** INPUT **
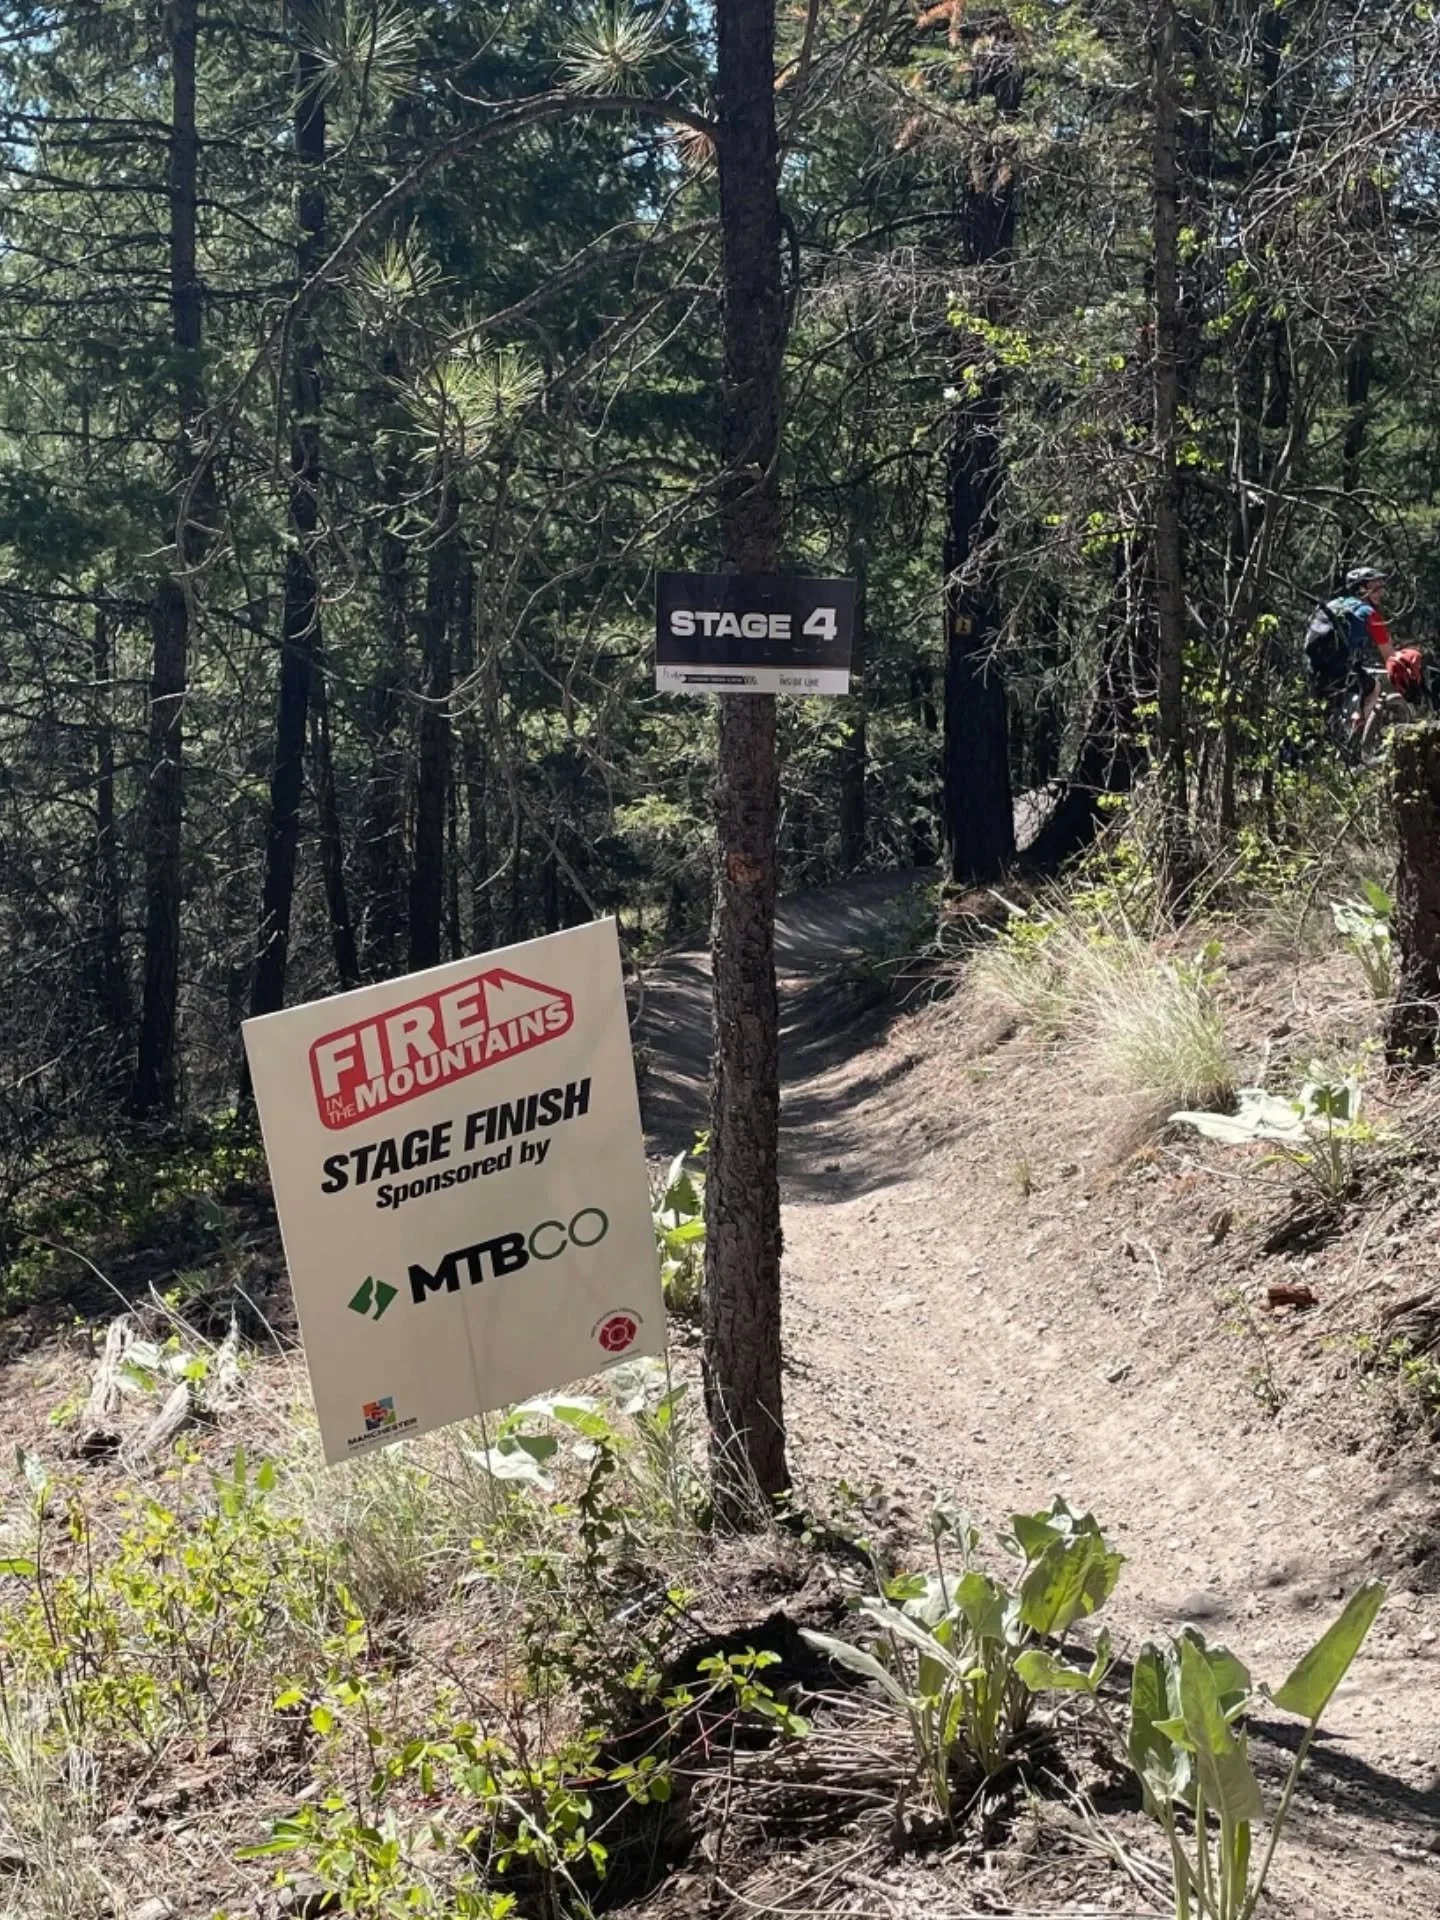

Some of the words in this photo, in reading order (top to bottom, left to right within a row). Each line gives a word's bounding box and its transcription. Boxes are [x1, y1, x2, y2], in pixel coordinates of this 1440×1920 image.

[670, 610, 792, 640] STAGE
[803, 607, 838, 641] 4
[315, 979, 486, 1098] FIRE
[328, 1103, 356, 1125] THE
[355, 1000, 569, 1113] MOUNTAINS
[321, 1120, 453, 1193] STAGE
[464, 1077, 592, 1151] FINISH
[326, 1096, 343, 1112] IN
[376, 1146, 512, 1210] Sponsored
[519, 1138, 551, 1165] by
[407, 1207, 609, 1304] MTBCO
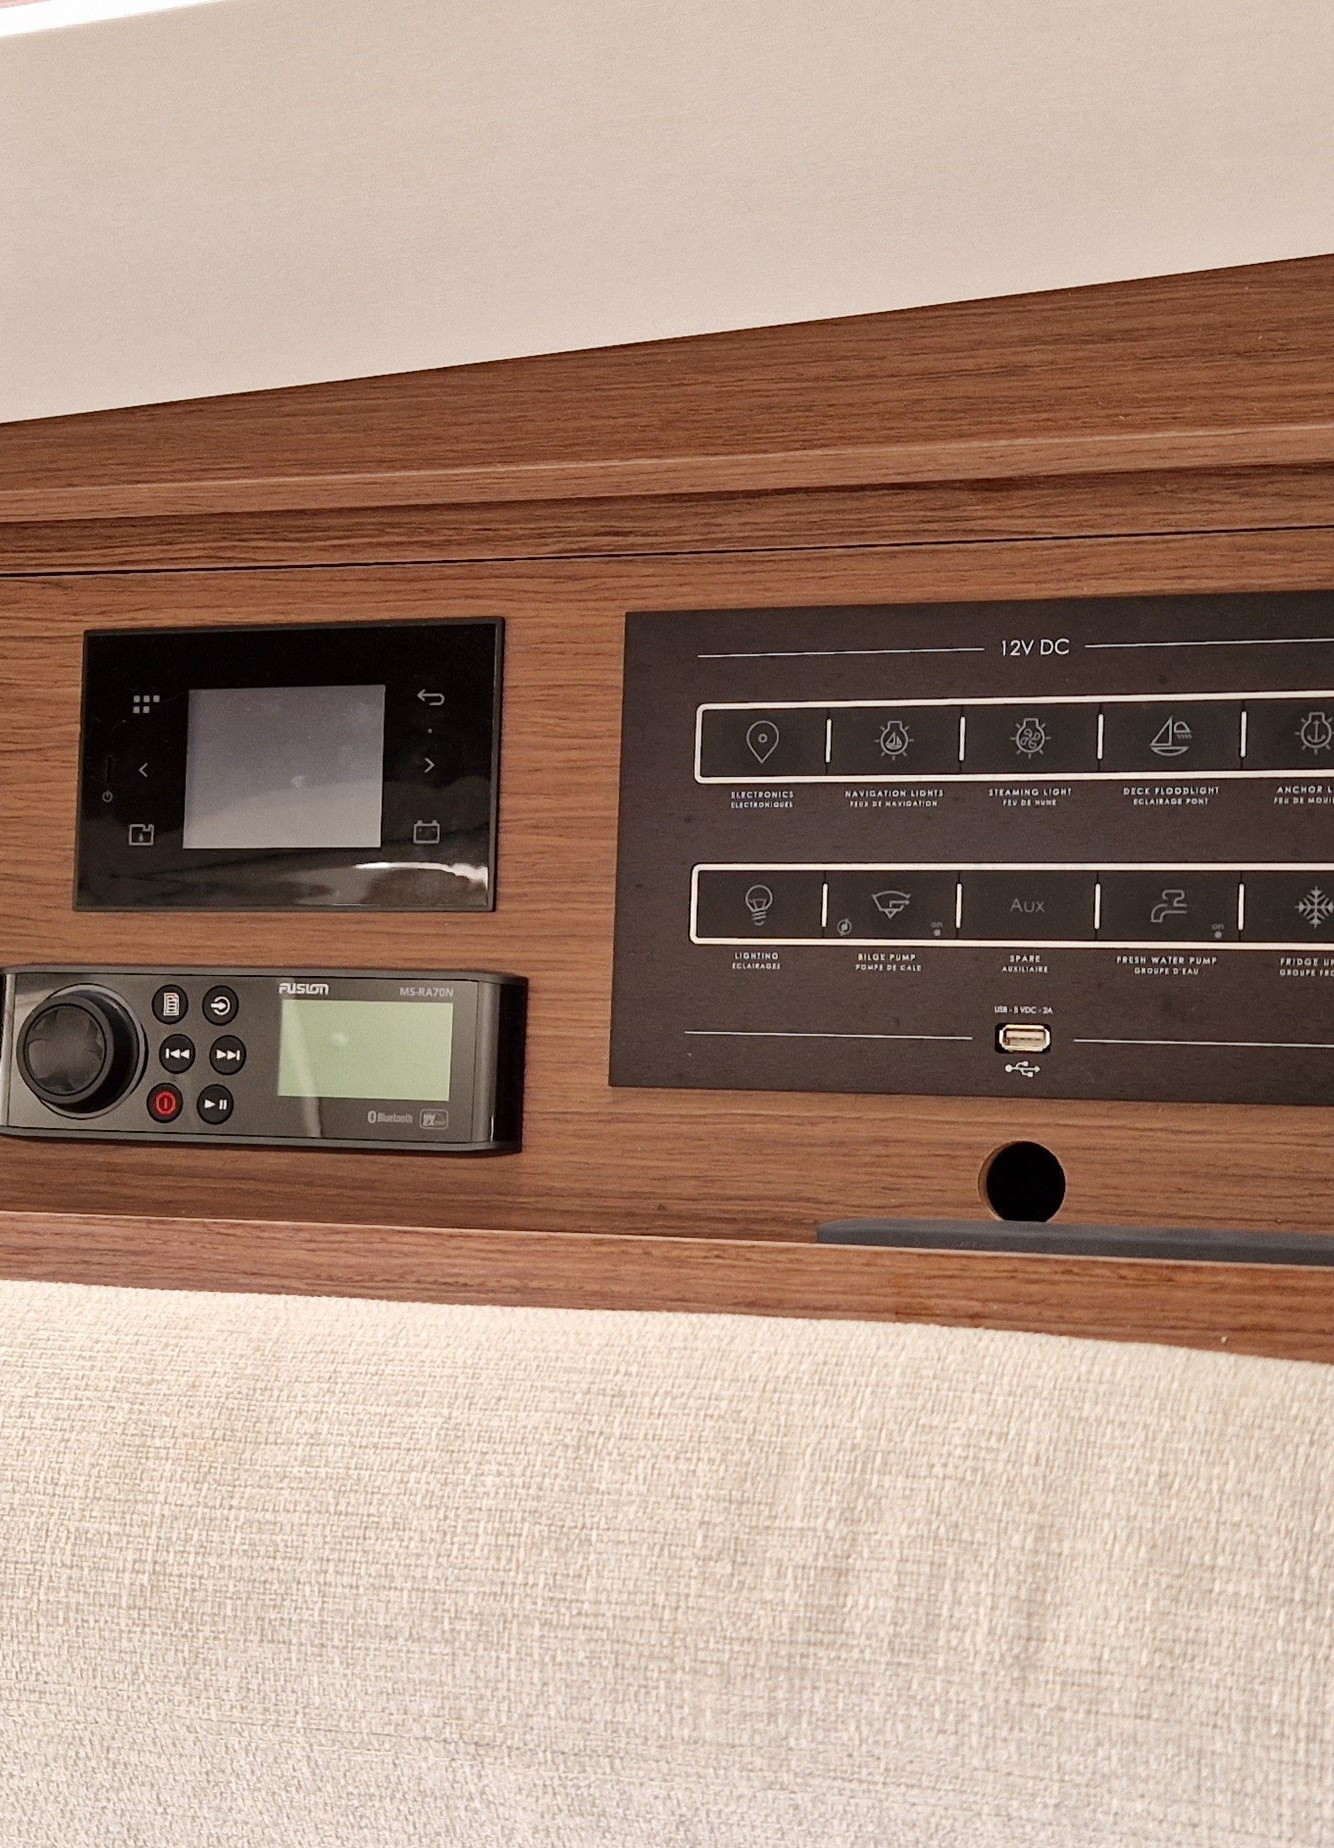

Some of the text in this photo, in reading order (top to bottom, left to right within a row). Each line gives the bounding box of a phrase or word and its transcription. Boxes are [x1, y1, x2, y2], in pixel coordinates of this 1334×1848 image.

[1001, 638, 1070, 656] 12V DC
[844, 789, 944, 798] NAVIGATION LIGHTS
[988, 787, 1072, 797] STEAMING LIGHT
[1123, 786, 1219, 796] DECK FLOODLIGHT
[1276, 785, 1323, 794] ANCHOR
[730, 790, 794, 799] ELECTRONICS
[730, 800, 793, 809] ELECTRONIQUES
[849, 799, 938, 808] FEUX DE NAVIGATION
[1002, 798, 1018, 807] FEU
[1020, 798, 1032, 807] DE
[1133, 797, 1208, 806] ECLAIRAGE PONT
[1273, 796, 1289, 805] FEU
[1292, 796, 1304, 805] DE
[1211, 923, 1225, 931] on
[734, 951, 779, 960] LIGHTING
[857, 952, 916, 962] BILGE PUMP
[1009, 954, 1041, 963] SPARE
[1116, 955, 1217, 965] FRESH WATER PUMP
[731, 962, 781, 970] ECLAIRAGES
[1280, 957, 1319, 967] FRIDGE
[855, 963, 922, 972] POMPE DE CALE
[1001, 965, 1048, 973] AUXILIAIRE
[1134, 967, 1199, 976] GROUPE D'EAU
[1279, 968, 1316, 977] GROUPE
[399, 986, 455, 998] MS-RA70N
[1019, 1005, 1037, 1015] VDC
[1042, 1006, 1053, 1015] 2A
[377, 1112, 413, 1124] Bluetooth

** TASK GOAL **
Nothing in the entries above should change when they are printed again, except that the pictures are dropped.

** TASK SOLUTION **
Some of the words in this photo, in reading order (top to bottom, left to right within a row). Each line gives a word's bounding box and its transcription. Boxes are [x1, y1, x2, y2], in pixel coordinates of this 1440×1920 image.

[670, 610, 792, 640] STAGE
[803, 607, 838, 641] 4
[315, 979, 486, 1098] FIRE
[328, 1103, 356, 1125] THE
[355, 1000, 569, 1113] MOUNTAINS
[321, 1120, 453, 1193] STAGE
[464, 1077, 592, 1151] FINISH
[326, 1096, 343, 1112] IN
[376, 1146, 512, 1210] Sponsored
[519, 1138, 551, 1165] by
[407, 1207, 609, 1304] MTBCO

Some of the text in this photo, in reading order (top to bottom, left to right within a row). Each line gives the bounding box of a phrase or word and its transcription. Boxes are [x1, y1, x2, y2], in pixel coordinates of this 1334×1848 image.

[1001, 638, 1070, 656] 12V DC
[844, 789, 944, 798] NAVIGATION LIGHTS
[988, 787, 1072, 797] STEAMING LIGHT
[1123, 786, 1219, 796] DECK FLOODLIGHT
[1276, 785, 1323, 794] ANCHOR
[730, 790, 794, 799] ELECTRONICS
[730, 800, 793, 809] ELECTRONIQUES
[849, 799, 938, 808] FEUX DE NAVIGATION
[1002, 798, 1018, 807] FEU
[1020, 798, 1032, 807] DE
[1133, 797, 1208, 806] ECLAIRAGE PONT
[1273, 796, 1289, 805] FEU
[1292, 796, 1304, 805] DE
[1211, 923, 1225, 931] on
[734, 951, 779, 960] LIGHTING
[857, 952, 916, 962] BILGE PUMP
[1009, 954, 1041, 963] SPARE
[1116, 955, 1217, 965] FRESH WATER PUMP
[731, 962, 781, 970] ECLAIRAGES
[1280, 957, 1319, 967] FRIDGE
[855, 963, 922, 972] POMPE DE CALE
[1001, 965, 1048, 973] AUXILIAIRE
[1134, 967, 1199, 976] GROUPE D'EAU
[1279, 968, 1316, 977] GROUPE
[399, 986, 455, 998] MS-RA70N
[1019, 1005, 1037, 1015] VDC
[1042, 1006, 1053, 1015] 2A
[377, 1112, 413, 1124] Bluetooth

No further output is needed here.